Using technology to support the survival of language and culture
Passamaquoddy Language Portal Orientation Video
This short video orientation explains how the portal works and how it can be a window into the world view of a language.
The Passamaquoddy-Maliseet Portal (PMPortal.org) (2011) is a model online application that links a 19,000-word indigenous language dictionary with an archive of 100 subtitled videos of natural group conversation and activity. Audio archives and content-relating search functions enhance the contextualization of the data. The Ayöök Portal (ayportal.indiana.edu) (2016) made major improvements in display and efficiencies. Several other portals are now in development.
The portal addresses a number of challenges facing researchers and communities by:
giving researchers, including ethnobiologists, anthropologists, geographers, historians, and plant scientists, as well as linguists, access to dictionary-linked video recordings of activity and language and a platform for collaboration that contextualizes deep understanding of the knowledge and world view contained in the oral culture
presenting a new language resource for use in the community—part encyclopedia of the culture, part learning platform for language and cultural education
reconnecting the home community to younger community members living in distant diaspora localities giving them the opportunity to hear the language, see family, and remain emotionally close to their homes and life ways.

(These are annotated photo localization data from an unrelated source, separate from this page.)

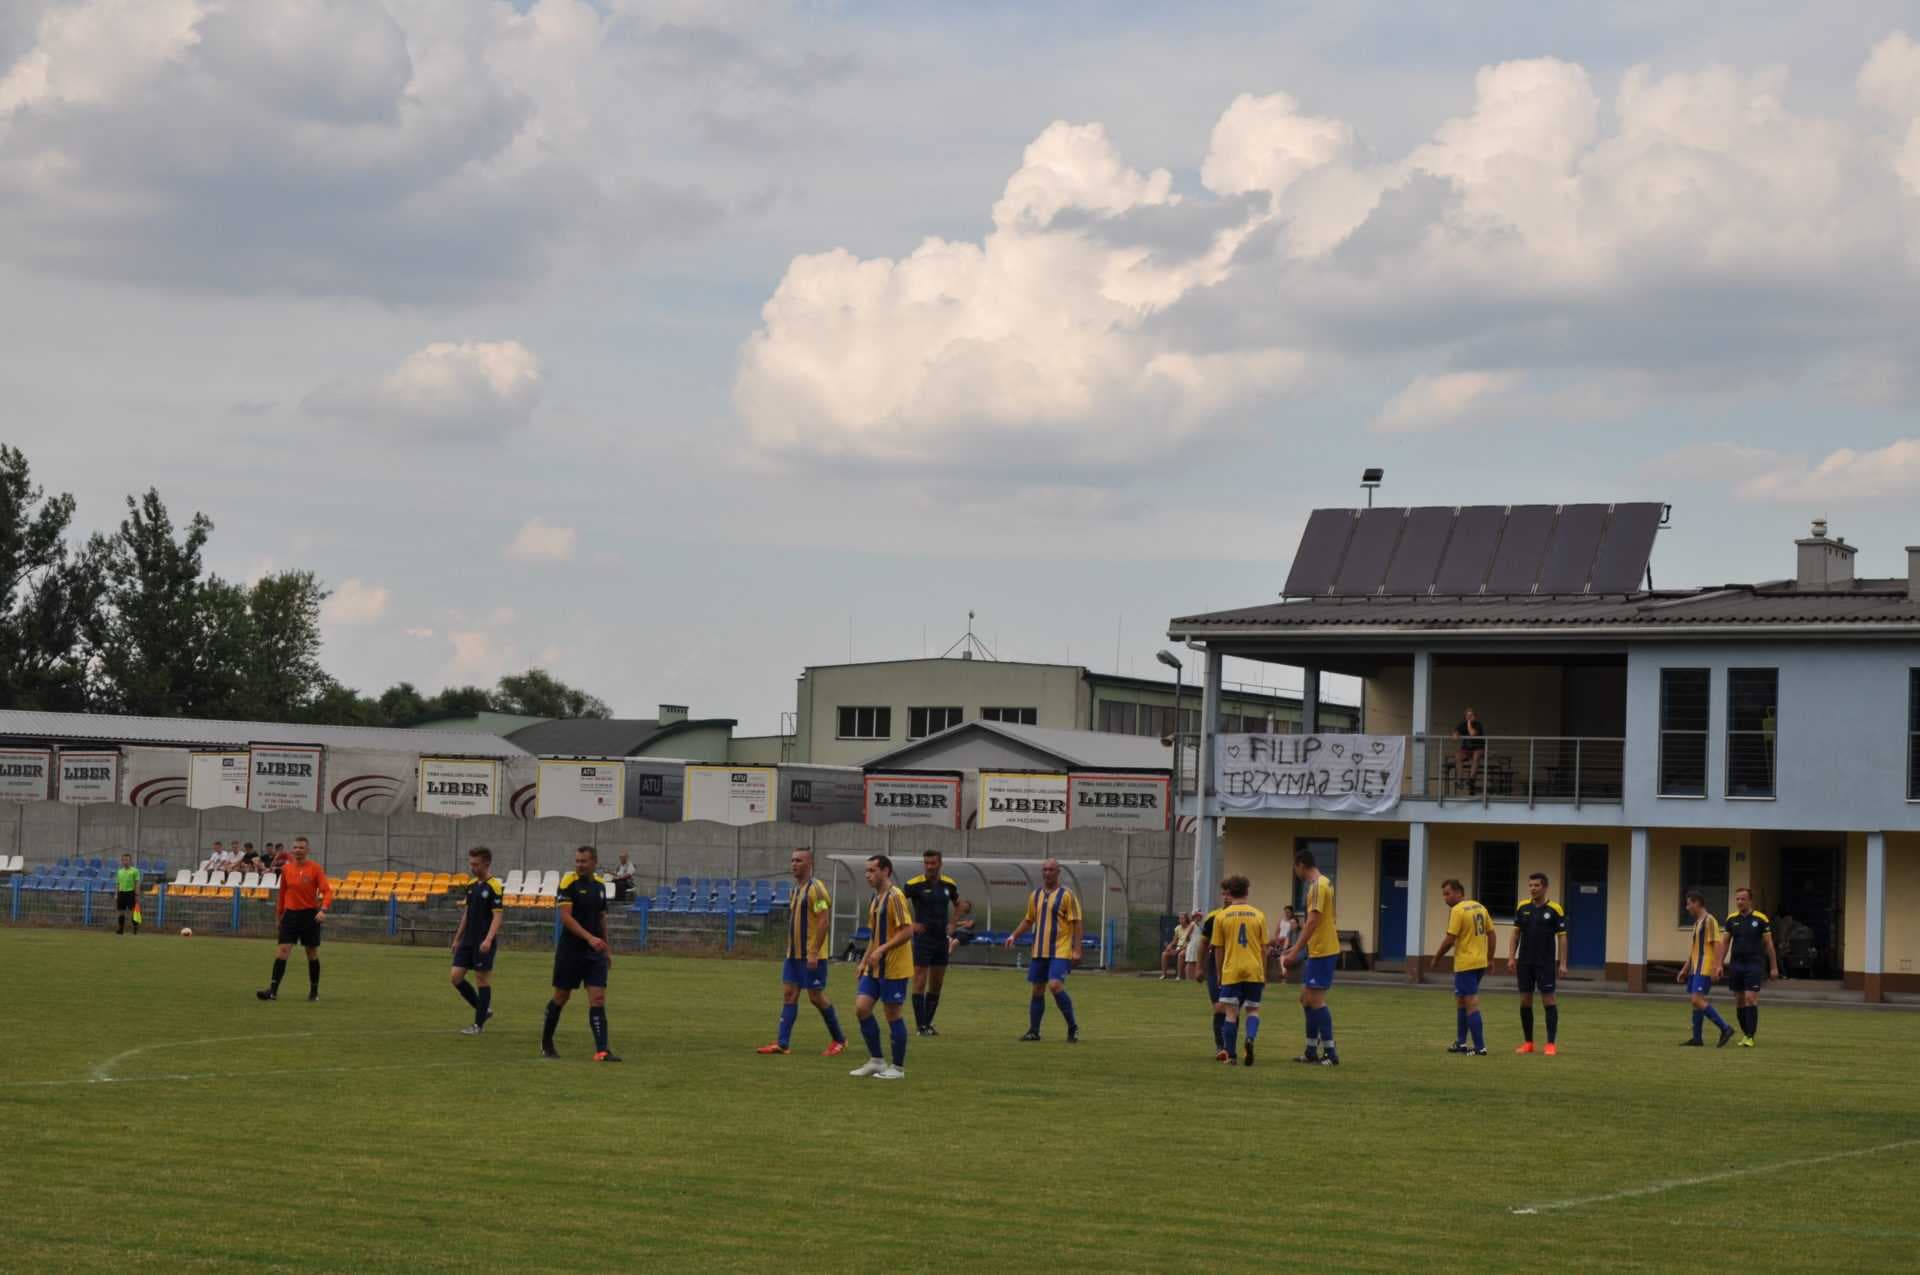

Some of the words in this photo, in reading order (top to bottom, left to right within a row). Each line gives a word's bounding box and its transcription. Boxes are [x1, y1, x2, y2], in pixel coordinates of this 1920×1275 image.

[1249, 737, 1322, 764] FILIP
[64, 767, 111, 780] LIBER
[256, 762, 312, 777] LIBER
[642, 778, 661, 794] ATU
[733, 774, 746, 782] ATU
[427, 781, 488, 797] LIBER
[792, 783, 810, 799] ATU
[875, 792, 947, 808] LIBER
[990, 797, 1066, 813] LIBER
[1078, 792, 1157, 808] LIBER
[1472, 912, 1485, 936] 13
[1238, 922, 1248, 948] 4

integrating easily with social media, offering to younger community members a contemporary way to participate in and share cultural and linguistic information that reinforces intergenerational identity and makes the language more visible, also contributing to language revival.
A History of Innovation
Since portable video equipment became available in the late 1960s Ben Levine and collaborators have been adapting the technology to respond to community and institutional needs. Early work with community feedback addressed public health, racial and disabled discrimination issues, moving them into public awareness by adapting video to the then new technology of cable television. Later, video was adapted to microwave networks for education and rural delivery of health services. Video feedback became part of documentary production resulting in high impact documentaries.
Robert Leavitt and David Francis’s Passamaquoddy-Maliseet dictionary was one of the first online indigenous language dictionaries. It paved the way for the online Passamaquoddy-Maliseet Language Portal. We’ve adapted technology and work flow to make it possible for isolated rural communities to document and archive their own languages and cultures. And work on the Portal is diversifying to address challenges in access and archiving of linguistic and cultural data, such as the challenge of integrating long term, economical archives into the portal and the production work flow.
Access to the deep contextualization of world view available through the portals can concretely demonstrate the value of indigenous knowledge and thought, to both aid interdisciplinary research and become a bridge for understanding and mutual support.